→ **Instructions for the task**: Repeat all the data exactly, and where a record holds a picture, leave that picture out.

++++++++++++++++++++

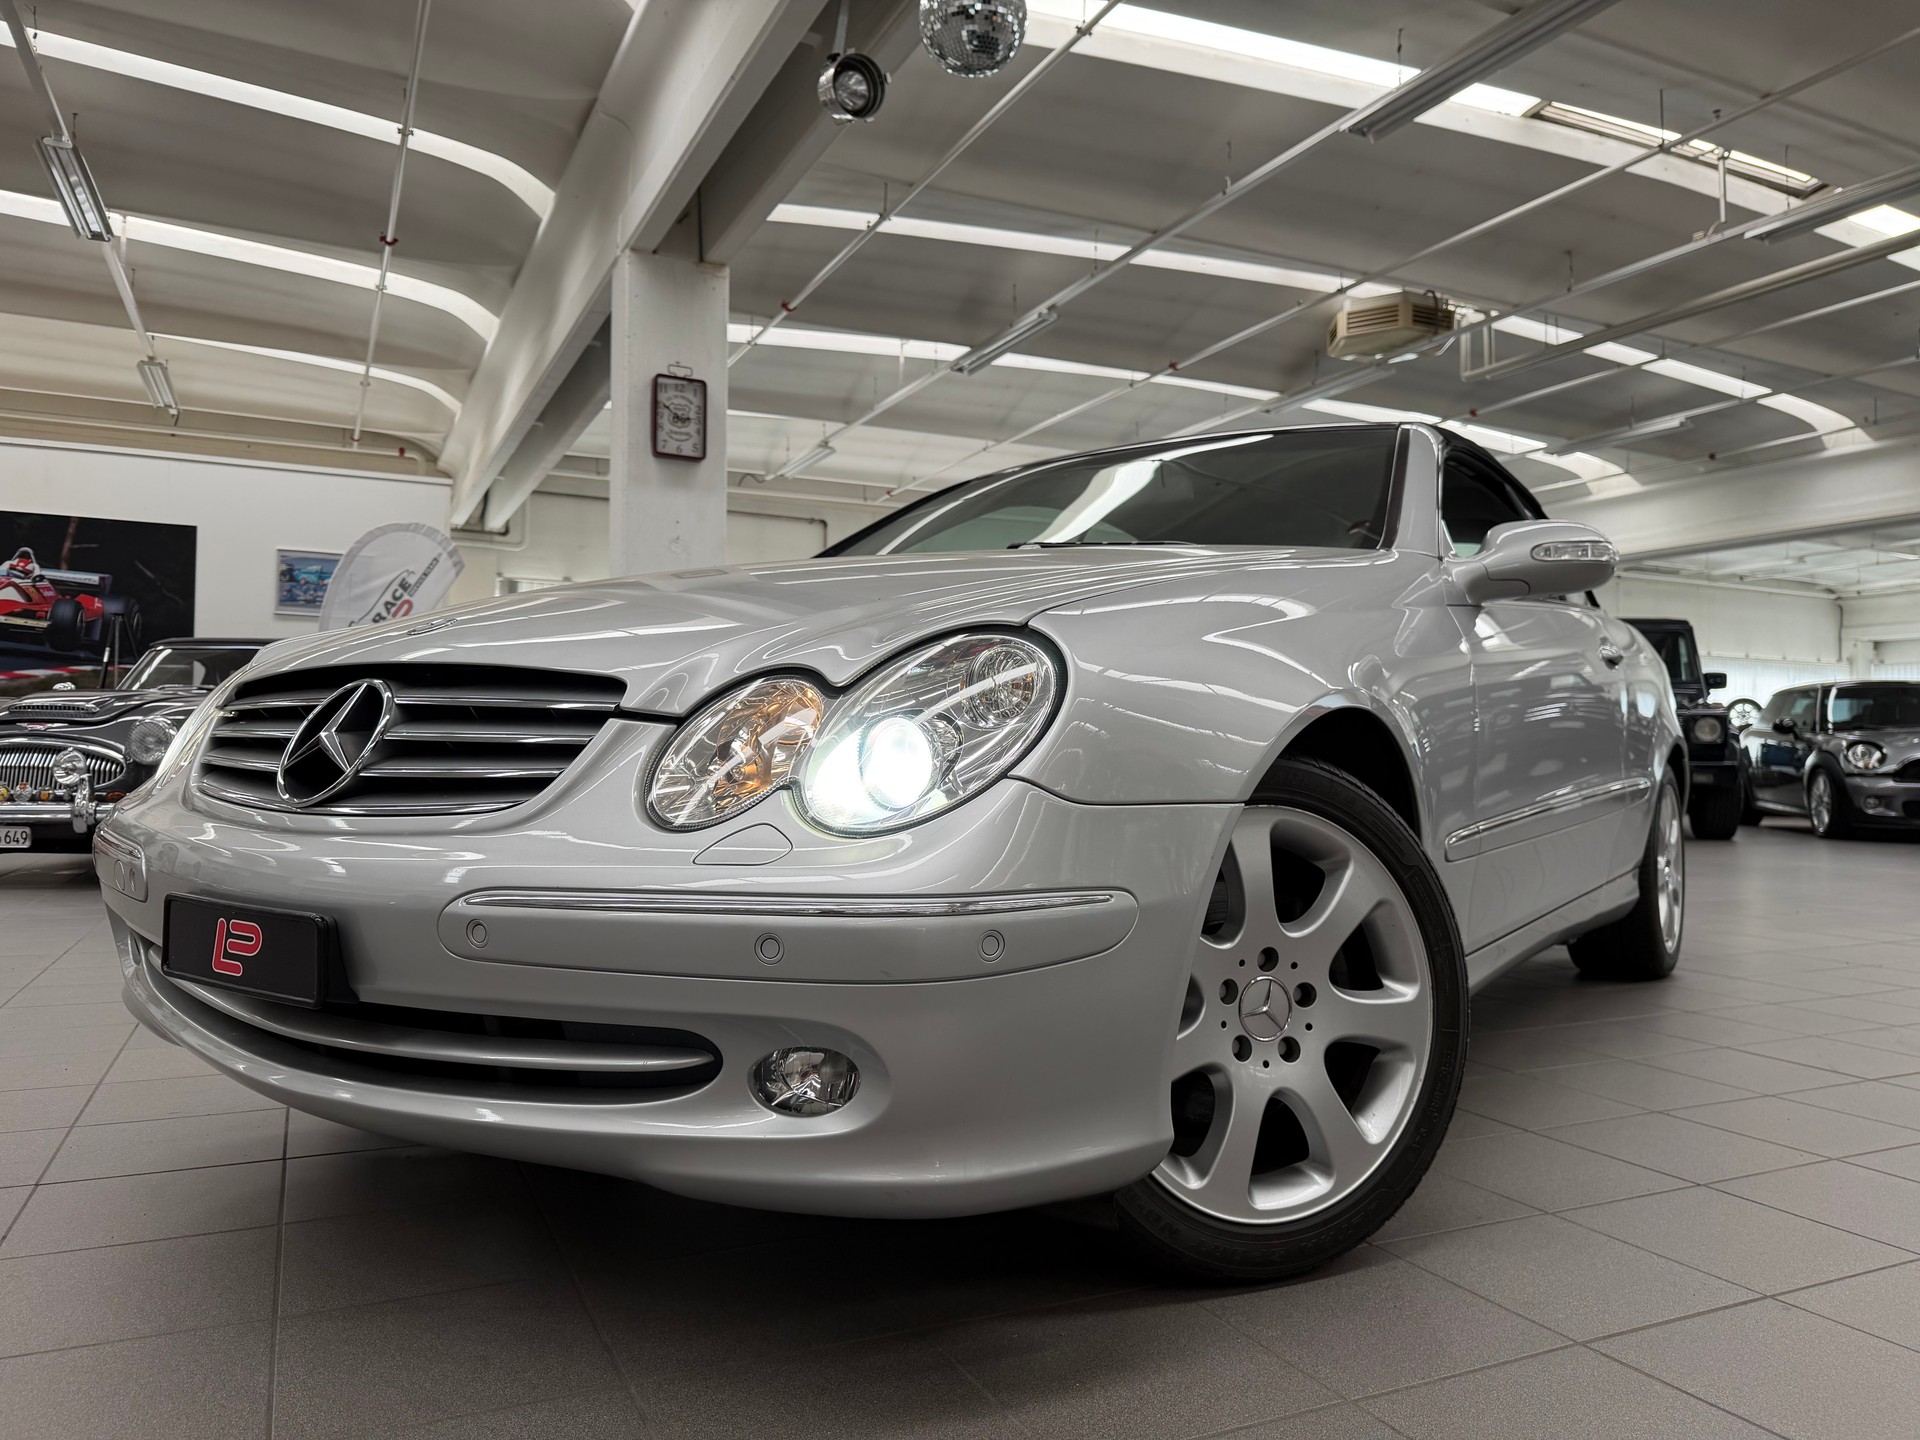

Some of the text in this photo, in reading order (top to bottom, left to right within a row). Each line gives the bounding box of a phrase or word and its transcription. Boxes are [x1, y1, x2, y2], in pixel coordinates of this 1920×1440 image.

[675, 383, 686, 394] 12
[661, 439, 668, 450] 7
[676, 444, 684, 454] 6
[692, 442, 700, 454] 5
[4, 830, 28, 845] 649

++++++++++++++++++++

→ **Task answer**:
Some of the text in this photo, in reading order (top to bottom, left to right within a row). Each line gives the bounding box of a phrase or word and its transcription. Boxes are [x1, y1, x2, y2], in pixel coordinates of this 1920×1440 image.

[675, 383, 686, 394] 12
[661, 439, 668, 450] 7
[676, 444, 684, 454] 6
[692, 442, 700, 454] 5
[4, 830, 28, 845] 649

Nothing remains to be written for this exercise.